One of the better-studied molecules in this context is coenzyme Q10 (ubiquinone).  CoQ10 is an essential component of the mitochondrial electron transport chain, facilitating ATP generation while also acting as an antioxidant within the inner mitochondrial membrane. Endogenous (i.e. internally produced) CoQ10 levels decline with age and both oral and topical supplementation have been shown to improve mitochondrial efficiency and reduce markers of oxidative stress in skin. Human studies suggest modest improvements in skin smoothness and wrinkle parameters, which are likely downstream effects of improved cellular energetics rather than direct cosmetic action.

Alpha lipoic acid is another compound that is found in certain skin supplements, which has relevance to mitochondrial health. It functions as a cofactor for mitochondrial enzyme complexes involved in energy metabolism, which also helps regenerate other antioxidants, supporting redox balance within mitochondria. While much of the literature focuses on metabolic and neurological contexts, the underlying mechanisms are directly applicable to skin, where mitochondrial efficiency governs repair capacity.

Nicotinamide (also known as Niacinamide), a form of vitamin B3, plays a subtler but foundational role.  It is a precursor to NAD⁺, a critical coenzyme involved in mitochondrial energy production and DNA repair. Declining NAD⁺ levels are an increasingly recognised feature of ageing and impaired NAD⁺ availability compromises both ATP generation and genomic stability. In both skincare and supplements, nicotinamide has been shown in several studies to support barrier function, improve DNA repair following UV exposure and reduce inflammation, all of which indirectly support collagen maintenance by preserving fibroblast function.

Magnesium is often overlooked in discussions of skin ageing, yet it is required for ATP utilisation at a cellular level. ATP is biologically inactive unless bound to magnesium, meaning that even adequate ATP production is functionally meaningless in the context of magnesium deficiency.  Chronic stress, poor diet and certain medications can all reduce magnesium availability, subtly impairing energy-dependent processes such as protein synthesis and cellular repair.

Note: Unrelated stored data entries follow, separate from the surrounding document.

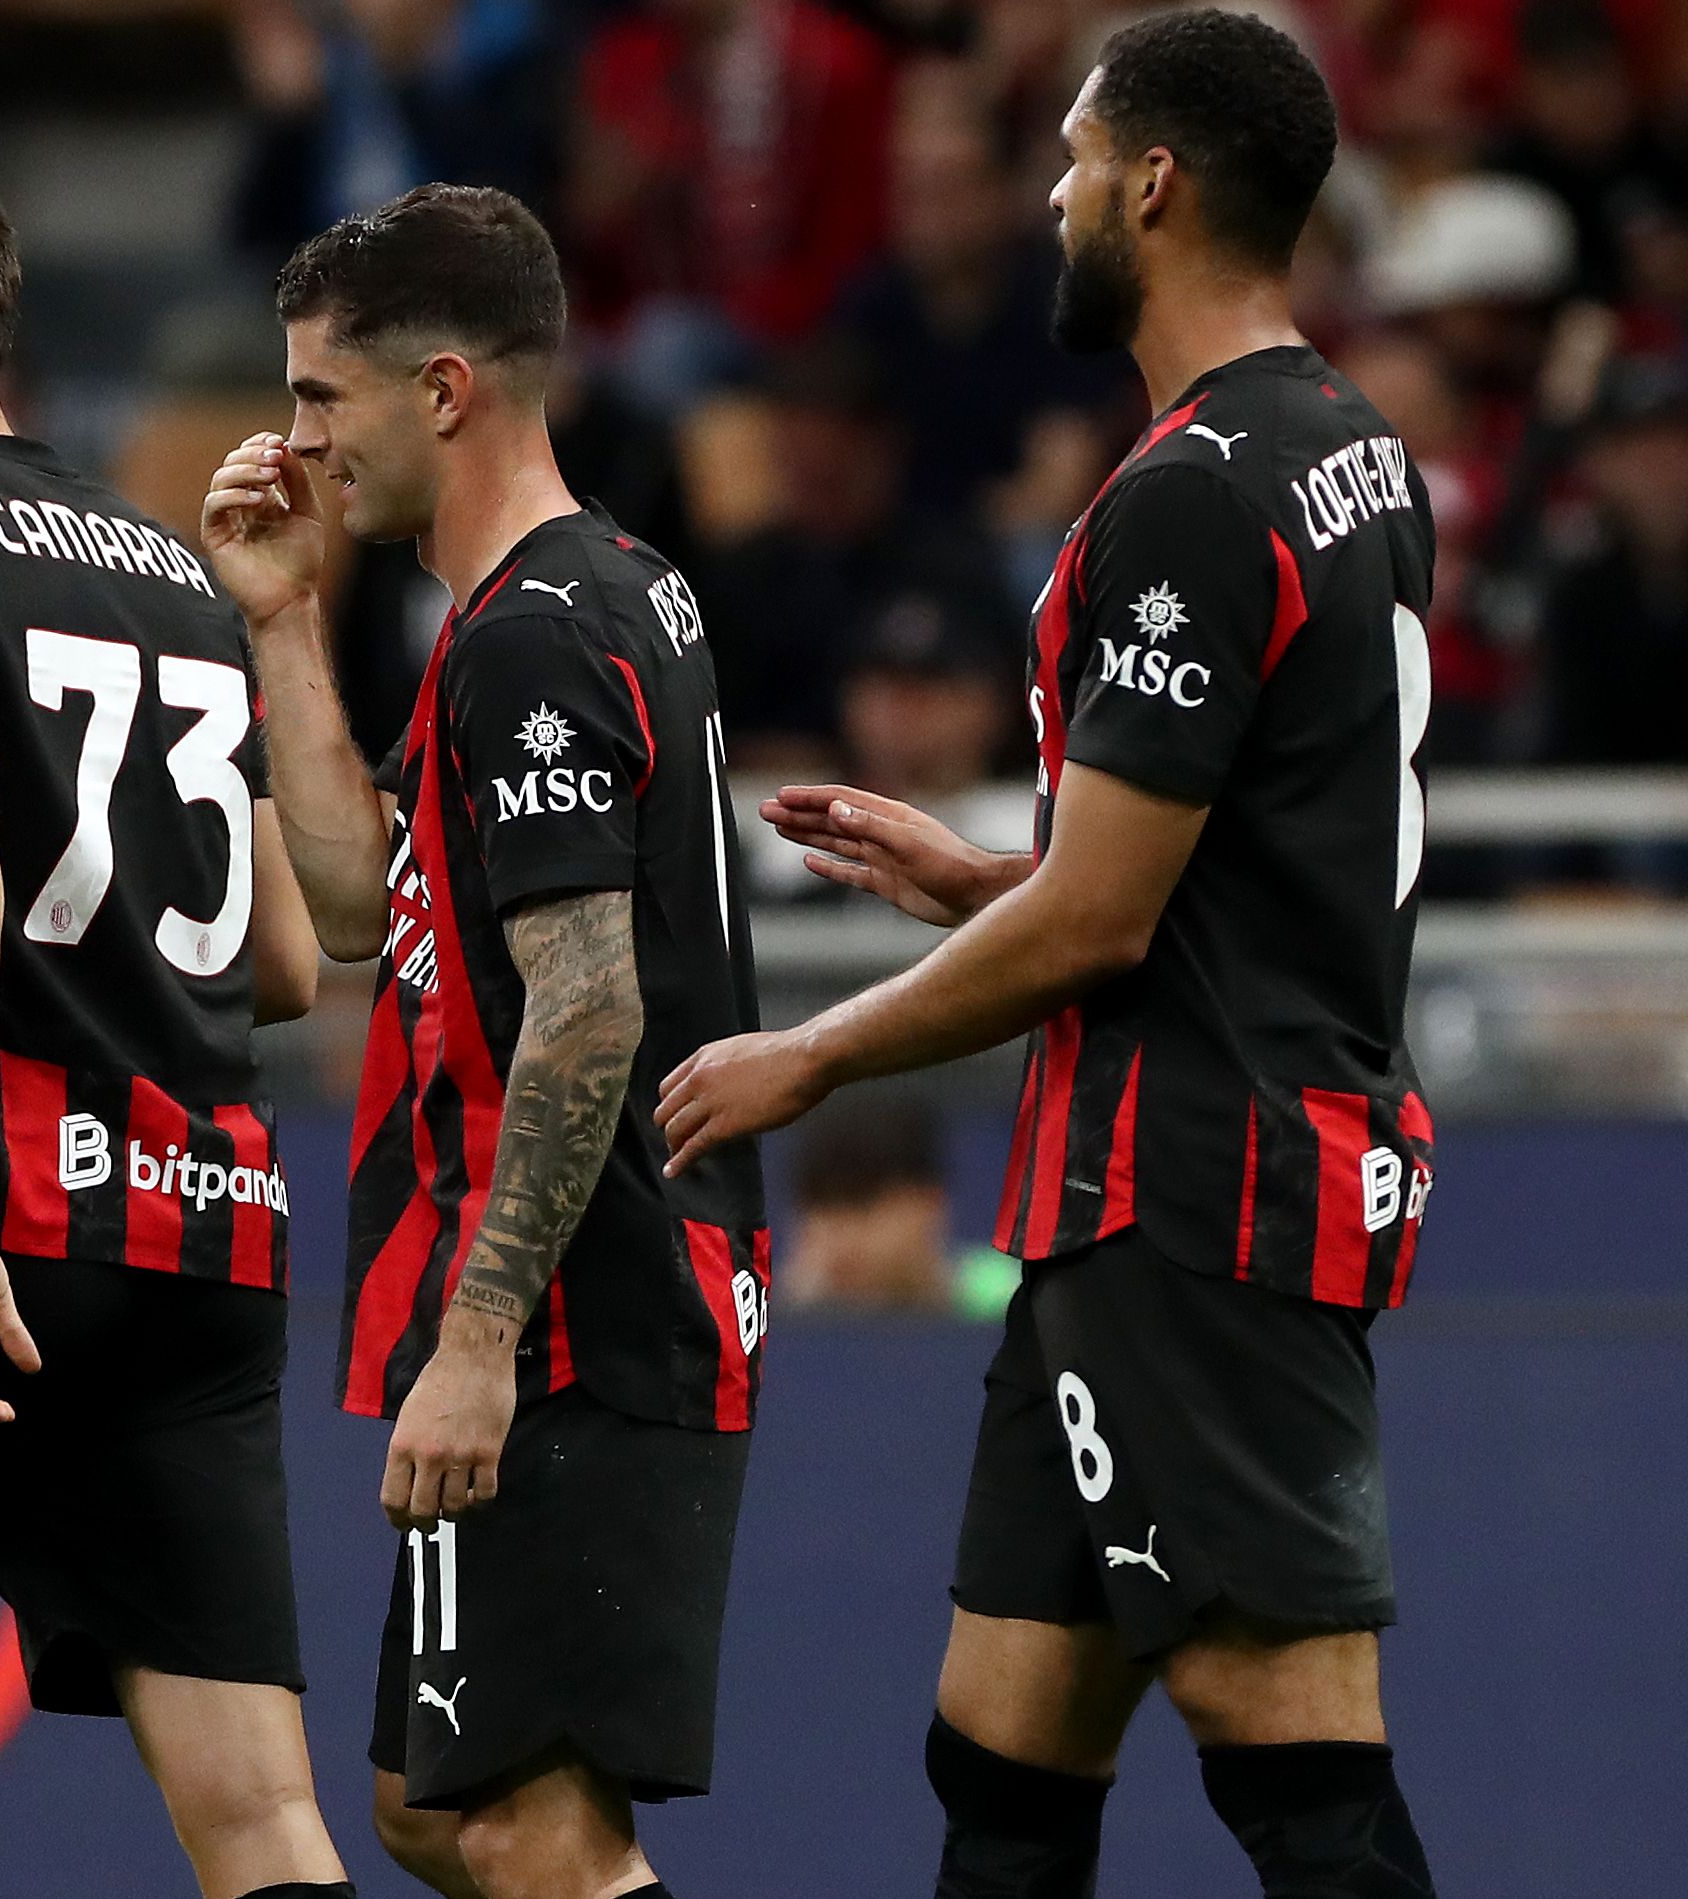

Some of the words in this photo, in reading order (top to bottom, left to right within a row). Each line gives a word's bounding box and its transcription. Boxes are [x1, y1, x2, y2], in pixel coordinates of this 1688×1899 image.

[1098, 637, 1212, 708] MSC
[23, 628, 253, 976] 73
[492, 768, 613, 822] MSC
[129, 1139, 290, 1217] bitpanda
[1057, 1371, 1113, 1502] 8
[408, 1518, 457, 1656] 11

Finally, there is increasing interest in compounds that support mitochondrial resilience rather than simply output. Polyphenols, such as those found in grape seed extract and carotenoids like astaxanthin, appear to reduce mitochondrial oxidative damage and preserve membrane integrity under stress conditions, including UV exposure. Their role is protective rather than stimulatory, helping mitochondria maintain function rather than forcing higher output.

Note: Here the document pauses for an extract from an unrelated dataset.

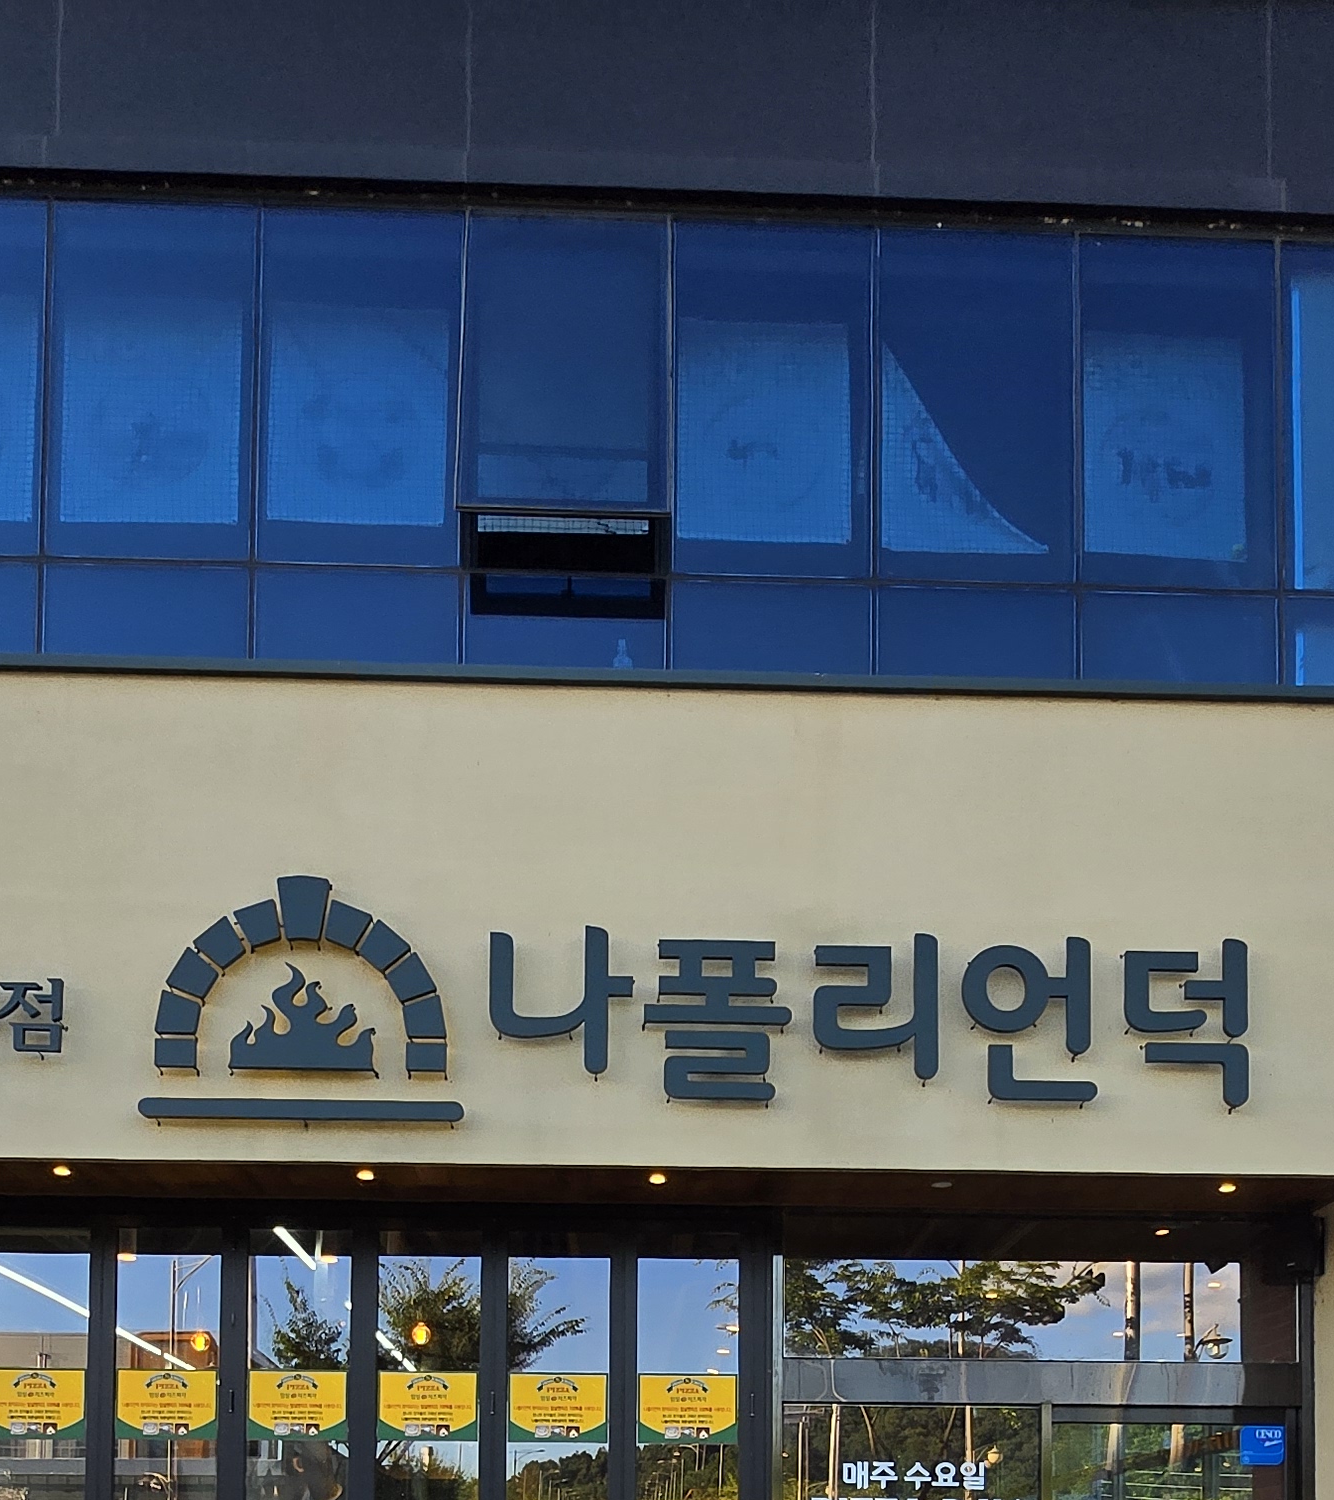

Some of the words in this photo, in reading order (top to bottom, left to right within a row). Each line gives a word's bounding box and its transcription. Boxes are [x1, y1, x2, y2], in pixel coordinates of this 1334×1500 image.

[490, 925, 1249, 1110] 나폴리언덕
[842, 1461, 898, 1489] 매주
[904, 1461, 986, 1490] 수요일

Taken together, these compounds illustrate an important distinction. Supporting mitochondrial function means maintaining efficient, stable energy generation so that fibroblasts can carry out collagen synthesis when required. This is fundamentally different from supplying collagen fragments and hoping they will be used, or that they somehow stimulate the skin alone to increase collagen production.


Inflammation and the skin


Inflammation is arguably the single most important suppressor of healthy collagen production and one of the central drivers of skin ageing and disorder. While acute inflammation is an essential part of wound healing, chronic low-grade inflammation is anti-reparative as alters the behaviour of fibroblasts, shifting them away from matrix construction and towards defence and damage control.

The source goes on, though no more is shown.